BeFunky_Tintype_1.jpgLa Sfogliatella, uno degli esempi più tipici della rinomata pasticceria partenopea, è un dolce ricco di tradizione che custodisce in sé segreti di una storia tanto lontana quanto magica. Sorgeva, tra Furore e Conca dei Marini, il sacro monastero di Santa Rosa da Lima nel quale le monache di  clausura ,tra una preghiera e l’altra,si dilettavano anche in cucina.Un giorno, probabilmente attorno al 600’, una suora addetta alla cucina, Madre Clotilde, si accorse che era avanzata della semola cotta nel latte e decise così di riutilizzarla aggiungendoci frutta secca, zucchero e liquore al limone. Pensò subito di preparare due sfoglie di pasta aggiungendovi strutto e vino bianco, adagiandovi nel mezzo il composto preparato precedentemente.  La magia fu fatta:l’invenzione di questa delizia fu un puro caso ,frutto delle sante mani della Madre Superiora guidate dalla divina Provvidenza! Alla sfogliatella fu dato il nome di Santarosa in onore della Santa a cui era dedicato il convento. Tante di quelle squisite ricette furono tenute gelosamente segrete entro le mura del monastero per secoli, mentre altre ,per nostra fortuna, furono ereditate da abili artigiani pasticcieri.

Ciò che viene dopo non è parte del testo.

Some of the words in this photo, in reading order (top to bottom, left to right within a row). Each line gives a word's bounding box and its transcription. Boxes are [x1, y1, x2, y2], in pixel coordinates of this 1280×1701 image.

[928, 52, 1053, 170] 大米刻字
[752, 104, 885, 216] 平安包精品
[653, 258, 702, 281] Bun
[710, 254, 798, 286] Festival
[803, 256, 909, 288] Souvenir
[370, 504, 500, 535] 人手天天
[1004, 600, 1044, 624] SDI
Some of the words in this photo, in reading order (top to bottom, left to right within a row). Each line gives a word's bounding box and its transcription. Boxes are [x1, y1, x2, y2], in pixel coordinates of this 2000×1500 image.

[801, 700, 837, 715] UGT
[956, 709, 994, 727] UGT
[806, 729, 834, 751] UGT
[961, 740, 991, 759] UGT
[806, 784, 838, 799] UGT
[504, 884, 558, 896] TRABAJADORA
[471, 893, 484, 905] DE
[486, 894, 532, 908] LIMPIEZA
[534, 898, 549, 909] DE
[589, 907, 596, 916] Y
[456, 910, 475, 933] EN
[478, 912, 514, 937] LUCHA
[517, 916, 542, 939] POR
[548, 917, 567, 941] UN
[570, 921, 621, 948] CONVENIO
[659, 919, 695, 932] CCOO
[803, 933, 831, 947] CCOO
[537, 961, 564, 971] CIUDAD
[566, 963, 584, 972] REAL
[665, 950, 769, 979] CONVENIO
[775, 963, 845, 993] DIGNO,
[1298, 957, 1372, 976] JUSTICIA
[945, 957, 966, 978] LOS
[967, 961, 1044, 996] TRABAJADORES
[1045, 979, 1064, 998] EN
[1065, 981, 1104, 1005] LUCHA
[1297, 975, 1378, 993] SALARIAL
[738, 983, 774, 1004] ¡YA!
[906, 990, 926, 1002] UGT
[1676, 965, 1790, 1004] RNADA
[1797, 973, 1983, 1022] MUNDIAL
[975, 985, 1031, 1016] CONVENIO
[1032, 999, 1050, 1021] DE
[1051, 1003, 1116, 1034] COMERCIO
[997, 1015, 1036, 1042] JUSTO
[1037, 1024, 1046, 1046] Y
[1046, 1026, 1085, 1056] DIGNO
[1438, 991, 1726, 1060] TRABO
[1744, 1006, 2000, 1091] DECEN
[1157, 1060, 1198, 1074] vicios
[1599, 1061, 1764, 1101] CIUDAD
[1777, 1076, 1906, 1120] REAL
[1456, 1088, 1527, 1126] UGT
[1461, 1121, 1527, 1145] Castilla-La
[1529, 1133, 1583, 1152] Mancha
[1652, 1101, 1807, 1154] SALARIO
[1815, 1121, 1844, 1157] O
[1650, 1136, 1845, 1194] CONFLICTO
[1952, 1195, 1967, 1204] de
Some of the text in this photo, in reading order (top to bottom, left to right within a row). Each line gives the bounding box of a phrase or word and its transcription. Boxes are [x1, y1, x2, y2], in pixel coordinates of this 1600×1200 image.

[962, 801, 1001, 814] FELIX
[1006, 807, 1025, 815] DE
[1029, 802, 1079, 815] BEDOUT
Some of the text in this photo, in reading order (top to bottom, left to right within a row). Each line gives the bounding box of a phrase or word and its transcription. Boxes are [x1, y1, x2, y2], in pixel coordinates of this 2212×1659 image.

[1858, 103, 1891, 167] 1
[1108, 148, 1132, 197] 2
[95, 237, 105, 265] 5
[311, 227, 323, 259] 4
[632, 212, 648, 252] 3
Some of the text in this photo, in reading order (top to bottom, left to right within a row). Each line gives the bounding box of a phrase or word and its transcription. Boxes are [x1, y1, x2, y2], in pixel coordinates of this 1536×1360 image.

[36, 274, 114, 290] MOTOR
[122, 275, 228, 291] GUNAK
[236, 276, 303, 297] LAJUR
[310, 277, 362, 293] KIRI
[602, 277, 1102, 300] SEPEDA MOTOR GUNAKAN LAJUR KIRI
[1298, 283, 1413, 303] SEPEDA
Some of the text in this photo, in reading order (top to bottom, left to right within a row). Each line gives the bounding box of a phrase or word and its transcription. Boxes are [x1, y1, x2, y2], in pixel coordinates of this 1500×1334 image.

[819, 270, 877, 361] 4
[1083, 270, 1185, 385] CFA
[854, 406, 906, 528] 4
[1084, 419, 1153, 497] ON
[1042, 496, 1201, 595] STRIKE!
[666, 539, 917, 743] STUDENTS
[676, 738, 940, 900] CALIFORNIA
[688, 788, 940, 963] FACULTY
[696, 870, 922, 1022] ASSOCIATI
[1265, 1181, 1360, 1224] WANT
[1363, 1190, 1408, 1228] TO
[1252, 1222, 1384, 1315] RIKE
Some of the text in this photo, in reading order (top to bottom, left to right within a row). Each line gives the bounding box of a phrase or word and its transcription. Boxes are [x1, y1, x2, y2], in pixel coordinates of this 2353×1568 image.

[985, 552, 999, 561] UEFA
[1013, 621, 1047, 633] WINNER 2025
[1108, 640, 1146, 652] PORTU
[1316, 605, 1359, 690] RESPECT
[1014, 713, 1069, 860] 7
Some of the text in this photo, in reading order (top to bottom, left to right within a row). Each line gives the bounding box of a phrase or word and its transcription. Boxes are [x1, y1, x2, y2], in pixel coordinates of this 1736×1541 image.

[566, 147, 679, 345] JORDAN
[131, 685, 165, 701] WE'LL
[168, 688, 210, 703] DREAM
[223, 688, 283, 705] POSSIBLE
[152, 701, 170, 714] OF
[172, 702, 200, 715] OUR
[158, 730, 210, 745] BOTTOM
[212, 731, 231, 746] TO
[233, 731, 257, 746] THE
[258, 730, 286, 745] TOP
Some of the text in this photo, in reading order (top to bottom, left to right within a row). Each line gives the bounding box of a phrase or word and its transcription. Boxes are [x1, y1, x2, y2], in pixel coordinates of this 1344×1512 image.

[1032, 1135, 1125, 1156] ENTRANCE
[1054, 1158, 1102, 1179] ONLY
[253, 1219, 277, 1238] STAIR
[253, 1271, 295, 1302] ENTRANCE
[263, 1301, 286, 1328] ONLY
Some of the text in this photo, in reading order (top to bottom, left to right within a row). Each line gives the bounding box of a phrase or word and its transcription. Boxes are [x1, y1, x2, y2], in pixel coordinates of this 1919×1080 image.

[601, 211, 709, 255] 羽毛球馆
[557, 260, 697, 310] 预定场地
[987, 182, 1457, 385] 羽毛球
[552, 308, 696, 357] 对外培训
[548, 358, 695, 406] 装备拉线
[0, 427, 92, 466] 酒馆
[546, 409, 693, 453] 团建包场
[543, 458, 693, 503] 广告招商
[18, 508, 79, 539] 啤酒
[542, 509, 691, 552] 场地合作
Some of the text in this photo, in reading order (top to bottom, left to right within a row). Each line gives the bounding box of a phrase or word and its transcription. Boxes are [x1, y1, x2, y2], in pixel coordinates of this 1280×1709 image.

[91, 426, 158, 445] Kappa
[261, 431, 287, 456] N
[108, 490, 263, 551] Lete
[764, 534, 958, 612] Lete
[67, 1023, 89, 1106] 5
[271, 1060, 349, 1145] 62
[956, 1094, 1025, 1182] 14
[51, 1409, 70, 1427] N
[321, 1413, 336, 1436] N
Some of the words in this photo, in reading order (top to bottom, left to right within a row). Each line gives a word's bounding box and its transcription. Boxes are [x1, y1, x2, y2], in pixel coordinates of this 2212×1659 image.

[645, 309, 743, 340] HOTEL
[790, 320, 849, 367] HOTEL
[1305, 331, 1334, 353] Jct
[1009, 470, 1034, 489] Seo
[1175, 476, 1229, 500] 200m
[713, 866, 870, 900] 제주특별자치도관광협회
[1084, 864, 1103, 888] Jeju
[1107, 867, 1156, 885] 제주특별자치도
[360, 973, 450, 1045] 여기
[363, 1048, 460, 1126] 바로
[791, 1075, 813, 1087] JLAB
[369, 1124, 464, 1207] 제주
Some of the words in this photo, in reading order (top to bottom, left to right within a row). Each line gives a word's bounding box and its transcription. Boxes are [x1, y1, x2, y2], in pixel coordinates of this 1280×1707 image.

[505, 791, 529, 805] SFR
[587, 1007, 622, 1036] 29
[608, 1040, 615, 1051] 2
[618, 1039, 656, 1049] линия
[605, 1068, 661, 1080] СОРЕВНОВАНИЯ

La Santarosa ci mise circa centocinquant’anni per percorrere i chilometri di distanza tra Amalfi e Napoli. Fu solo nei primi anni del XIX secolo che un oste napoletano, Pasquale Pintauro , titolare di un’osteria a via Toledo, riuscì ad ottenere la ricetta originale della sfogliatella, la quale rivoluzionò interamente la sua vita. La Santarosa si rivelò l’investimento più proficuo e rivoluzionario che un umile oste potesse mai aspettarsi: da oste divenne pasticciere e la sua osteria si convertì in un laboratorio dolciario,la pasticceria “Attanasio” ancora oggi esistente. Pintauro non si limitò a diffondere questa delizia, ma la modificò, adeguando il dolce ai gusti del tempo: con pazienza e maestria,dopo numerosi tentativi , fu così che nacque questo dolce delizioso e semplice ,la sfogliatella! Ancora oggi , dopo circa duecento anni, la bottega di Pintauro sforna sfogliatelle calde a getto continuo. Sulla sua “puteca” c’è scritto : “Napule tre cose tene belle : ’o mare , ‘o Vesuvio, e ‘e sfogliatelle !”.